Saturday, May 14


Daily News Stuff 14 May 2022

Still Blrrr After All These Years Edition

Top Story

  • Unexpectedly: This house move is now entering panic mode, despite my having had a whole five or six minutes each day to prepare for it over the last few weeks.

    I'm getting assistance from work, because that was only our second largest product launch this year, with the biggest one coming up in a few weeks, and they'd like me to be alive for that.

  • Elon Musk's acquisition of Twitter is temporarily paused while he reviews the level of bot activity on the site after Twitter...  Twitter did what, Reuters?

    Yeah, that's what I thought you said.

    Musk says he's still committed to the deal, just looking to send a few executives to jail for fraud.  Well, I might have added that part.

Tech News

  • AMD leaks ahoy.  (WCCFTech)

    Zen 4 and 4C we already know about.  Zen 4 is the new core design; 4C is a smaller version with less cache for high-density servers.  "Genoa" server chips using Zen 4 will be out this year with 96 cores; "Bergamo" chips with Zen 4C will be out early next year with 128 cores.

    Zen 4 desktop chips up to 16 cores will be out in Q3 or Q4 this year.  

    Zen 4 for laptops will arrive in Q1 next year, with a choice of 8 cores and fast graphics, or 16 cores and slow graphics.  16 full-size cores too, not the 8+8 that Intel now offers.

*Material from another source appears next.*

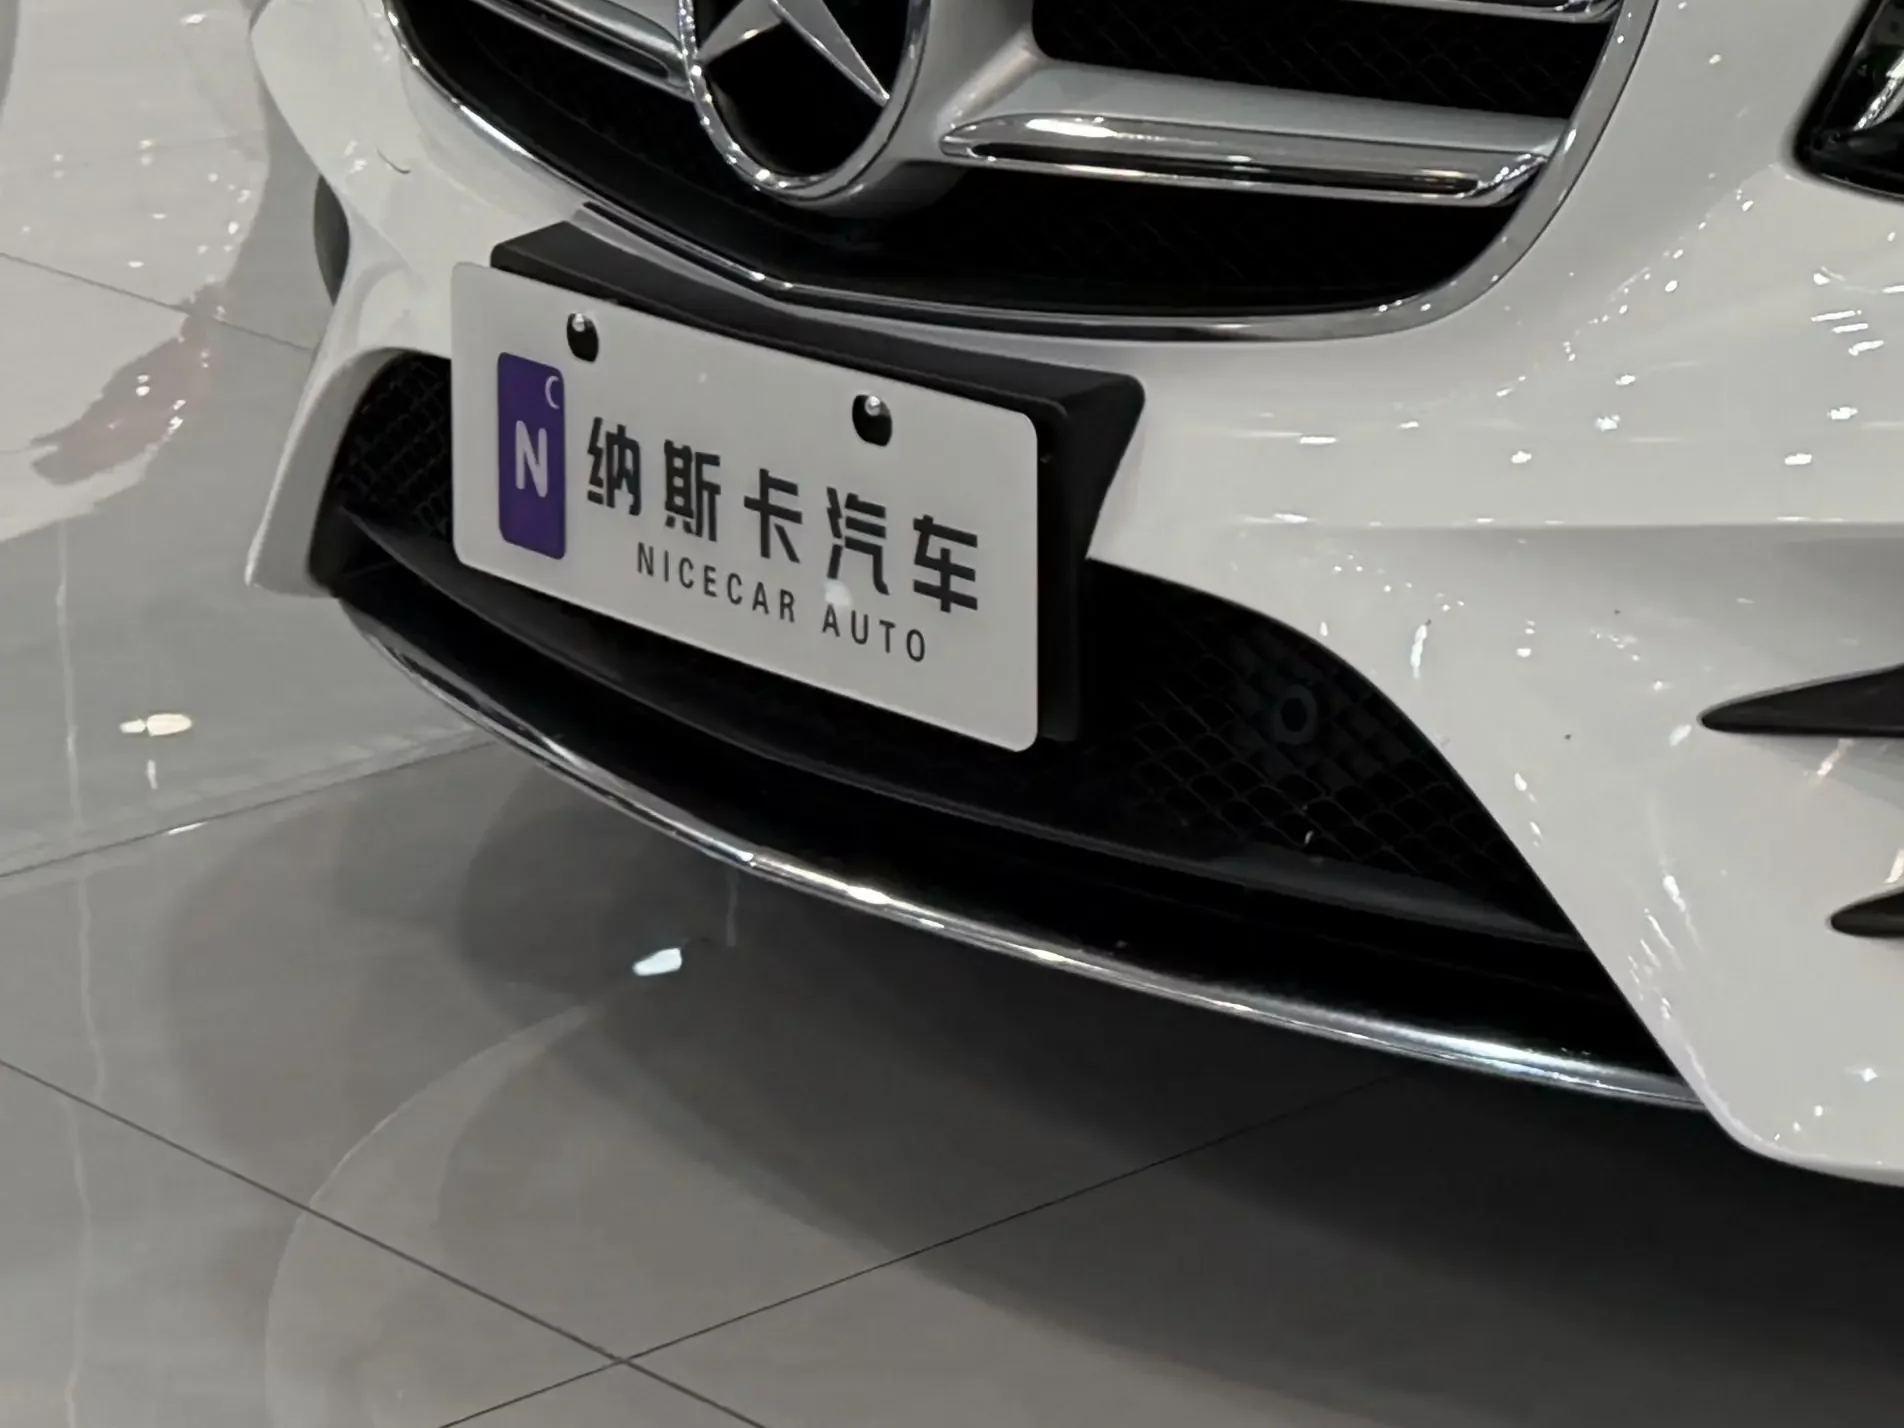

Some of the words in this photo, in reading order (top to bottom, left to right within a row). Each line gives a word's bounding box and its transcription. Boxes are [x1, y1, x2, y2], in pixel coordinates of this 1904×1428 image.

[514, 419, 549, 498] N
[586, 416, 979, 614] 纳斯卡汽车
[636, 541, 796, 624] NICECAR
[821, 603, 927, 663] AUTO

    Zen 4 for Threadripper, with up to 96 cores, is expected in Q1 or Q2 next year, rather than being a full year behind mainstream desktop parts as with Zen 3.

    And there will be a Genoa-X server part, with up to 96 cores and 1152MB of cache per socket (up from 384MB on Genoa), launching in mid-2023.

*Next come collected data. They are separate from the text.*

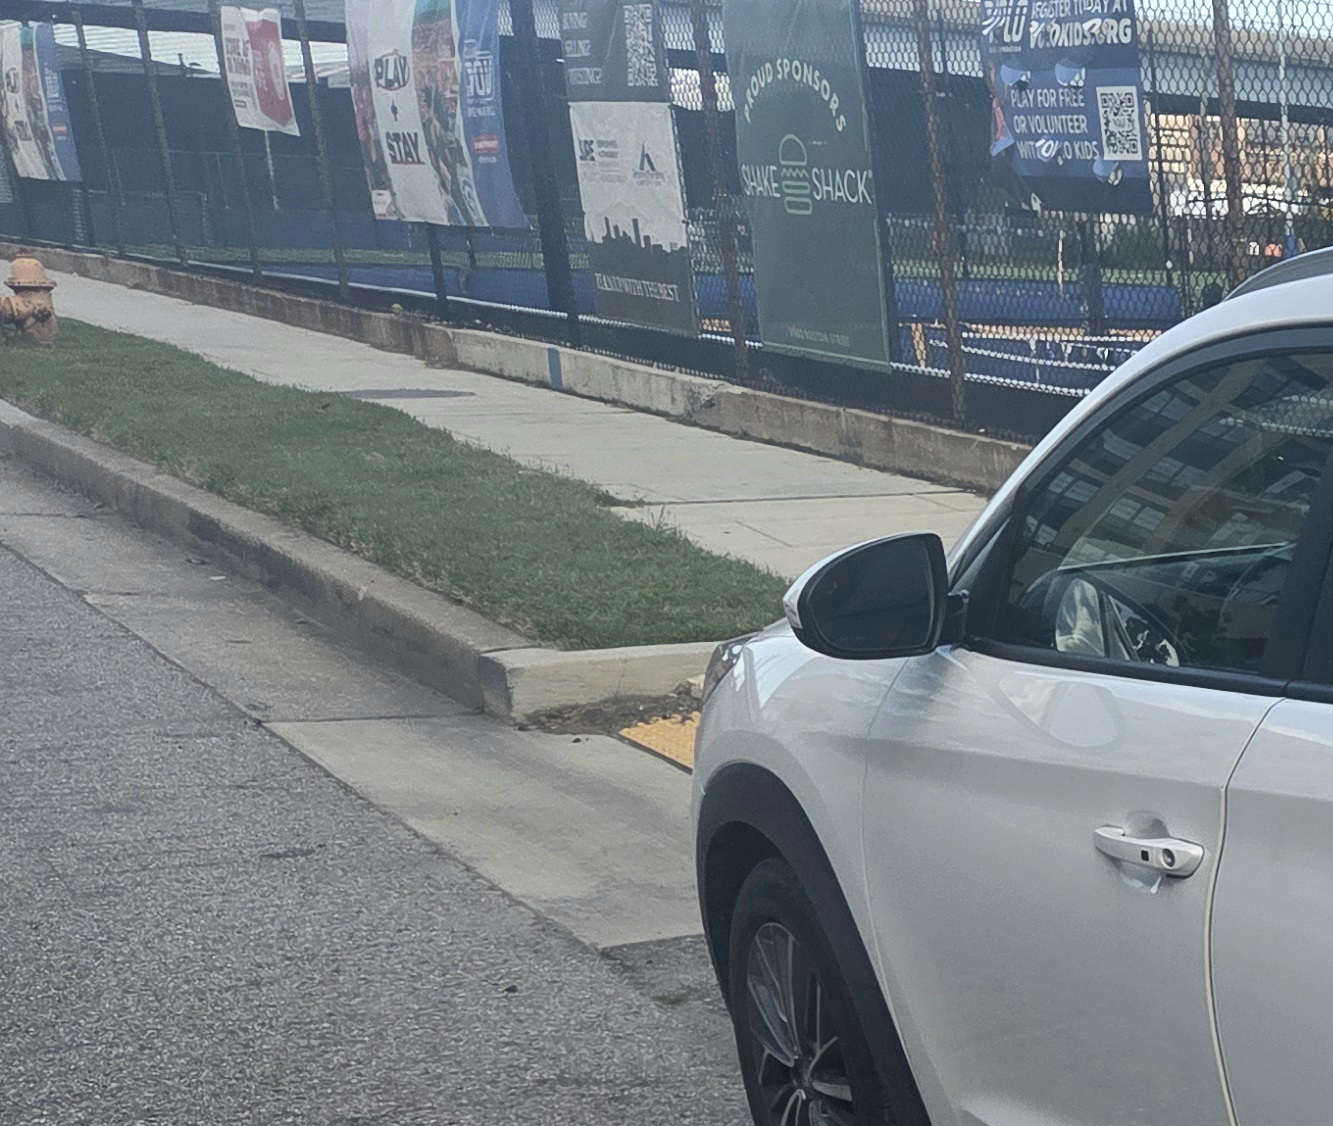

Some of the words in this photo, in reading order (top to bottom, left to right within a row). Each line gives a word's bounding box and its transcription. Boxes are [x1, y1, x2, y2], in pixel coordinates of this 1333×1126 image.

[374, 55, 408, 89] PLAY
[744, 62, 774, 124] PROUD
[776, 58, 847, 132] SPONSORS
[1011, 88, 1036, 109] PLAY
[1036, 88, 1058, 108] FOR
[1059, 88, 1086, 107] FREE
[1013, 115, 1028, 134] OR
[1028, 115, 1089, 134] VOLUNTEER
[386, 131, 422, 164] STAY
[1073, 141, 1101, 160] KIDS
[741, 164, 781, 198] SHAKE
[812, 167, 872, 205] SHACK
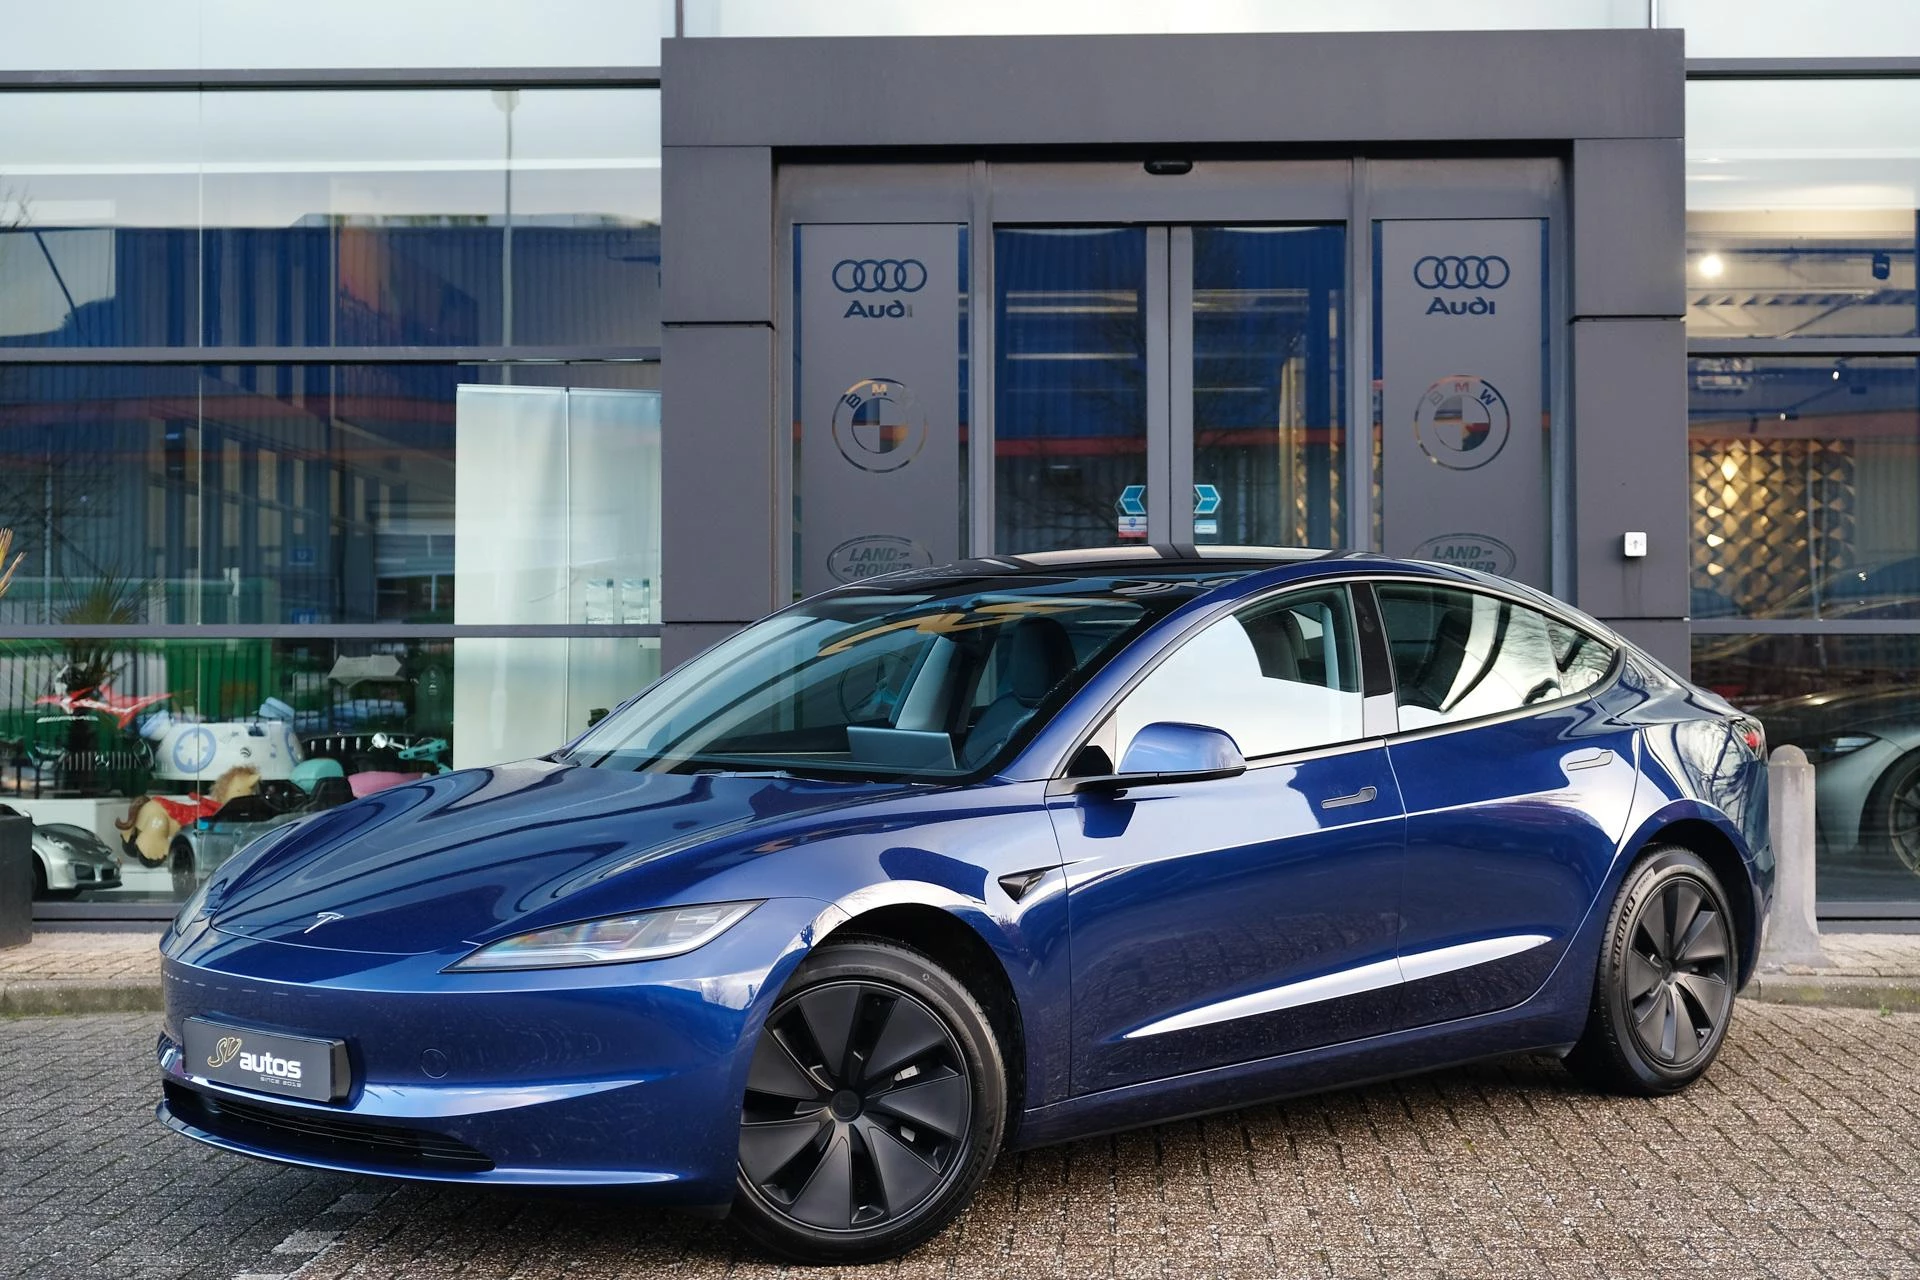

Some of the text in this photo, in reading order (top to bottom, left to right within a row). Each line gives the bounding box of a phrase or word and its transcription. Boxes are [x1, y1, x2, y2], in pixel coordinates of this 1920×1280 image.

[843, 300, 913, 318] Audi
[1425, 296, 1495, 315] Audi
[849, 547, 898, 561] LAND
[1432, 546, 1482, 560] LAND
[207, 1037, 301, 1079] SV autos

    Plus some information on Zen 5 - planned for late 2023 with up to 256 cores using a 3nm process - and Zen 6 in 2025.

  • And new "low-end" server chips too.  (WCCFTech)

    The new Zen 4 server parts are huge, with 12-channel memory and 160 PCIe lanes.  The new plan is for a range of "smaller" cheaper parts - up to 32 Zen 4 or 64 Zen 4C cores, 96 lanes of PCIe, and 6-channel memory.

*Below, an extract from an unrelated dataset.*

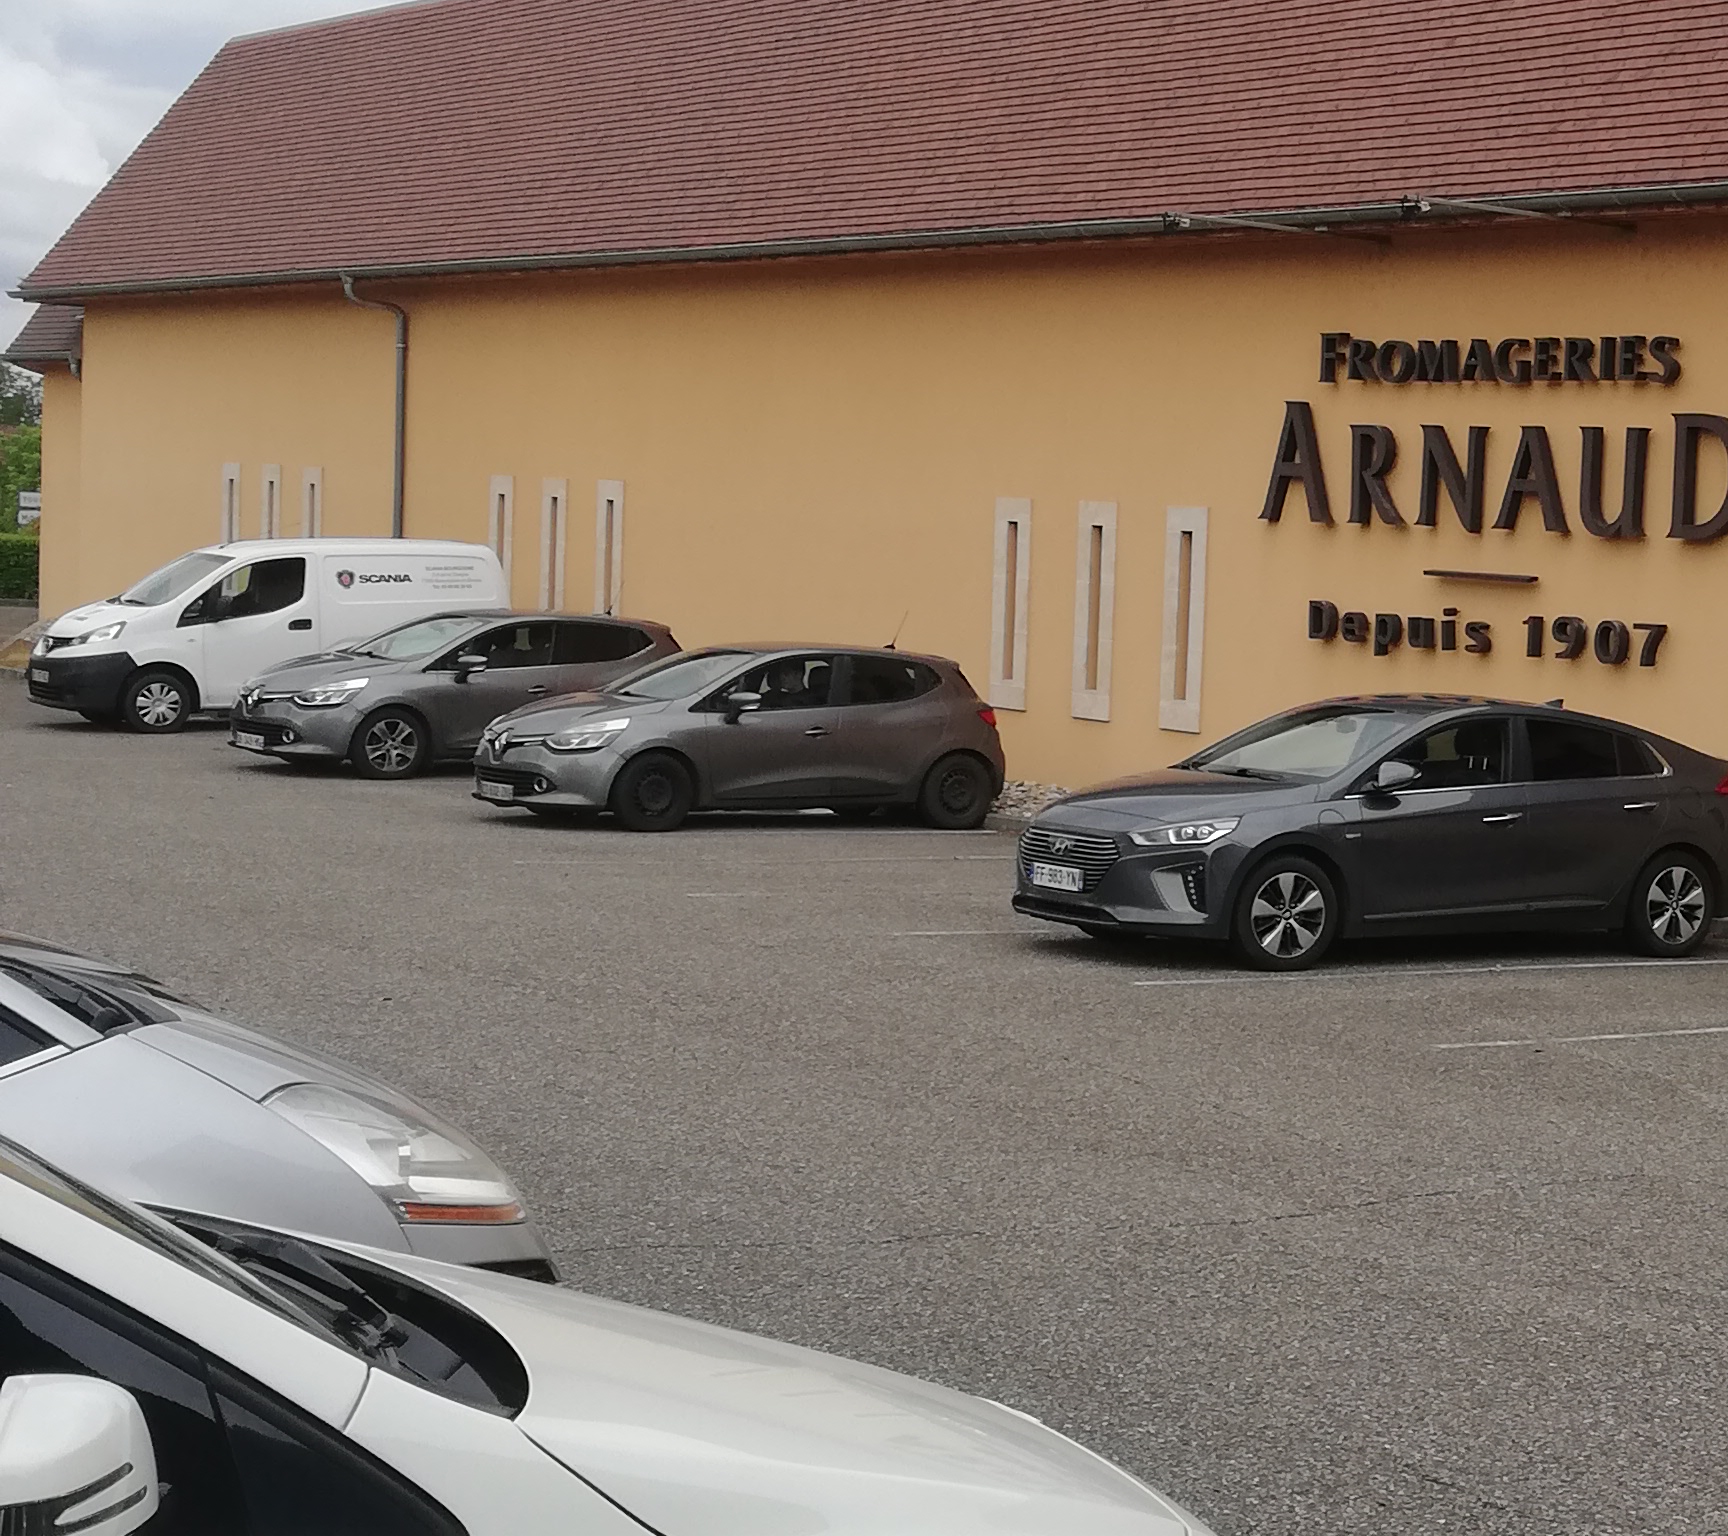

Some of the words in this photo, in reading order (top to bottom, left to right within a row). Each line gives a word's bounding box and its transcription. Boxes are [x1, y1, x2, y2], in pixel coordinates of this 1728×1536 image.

    These will use the same size socket as current Epyc and Threadripper parts - so existing mechanical designs and cooling systems can be reused - but with a new pin arrangement, increasing the pin count from 4096 to 4844.  Switching from 8-channel DDR4 to 6-channel DDR5 means they wouldn't be compatible anyway.

  • How the Luna cryptocurrency lost 99.99% of its value in a month.  (CNet)

    A lot of attention has been on TerraUSD, a "stablecoin" pegged at 1:1 with the US dollar which is currently trading at 44 cents if you can find anyone to buy it.

    TerraUSD wasn't backed by an equal amount of US dollars, but by an interlinked guarantee with the Luna currency, such that 1 TerraUSD would buy $1 worth of Luna at any time.  If that exchange rate shifted, you could make money on arbitrage, which would inherently push it back towards the 1:1 ratio.

    So long as people were willing and able to conduct that arbitrage - both of which broke down last week, making $40 billion evaporate.

    On top of that it was also an obviously unsustainable Ponzi scheme.


    That was just part of the overall crypto-related freak-out that had my day start at 4AM yesterday and finish at 7PM, when neither I, my employer, nor our clients are involved at all in the financial side of crypto.  Panic transactions overloaded multiple blockchains that we use to do, well, useful stuff.

  • Twitter is testing a "liked by author" feature.  (Tech Crunch)

    That's Twitter chasing the cult of celebrity.

    YouTube does this, but it's meaningful there.  If the creator of the video you commented on likes or responds to your comment, that actually means something more than some rando replying.

    On Twitter mostly the opposite is true.

  • Get free NFTs, get your crypto stolen.  (Bleeping Computer)

    It's a two-for-one deal!  Don't miss out!

  • A plan to secure open-source software will cost $150 million over two years.  (Venture Beat)

    It's not a government plan, but one backed by businesses who spent far more than that addressing just one of the major issues that plagued us last year.

  • Samsung is reportedly planning to increase chip prices by up to 20%.  (PC Magazine)

    That would push up the price of everything else - literally everything else - but given that the price per transistor has fallen by a factor of about a trillion over the past few decades is not entirely unreasonable.

  • This Synology router also turns an external disk drive into a Synology NAS.  (9to5toys)

    Don't know if it supports multiple external drives - it only has one USB port but it's easy to get multi-bay USB storage boxes.  It has 2.5Gb Ethernet so it could be usefully fast.

Disclaimer: And now there's a box shortage.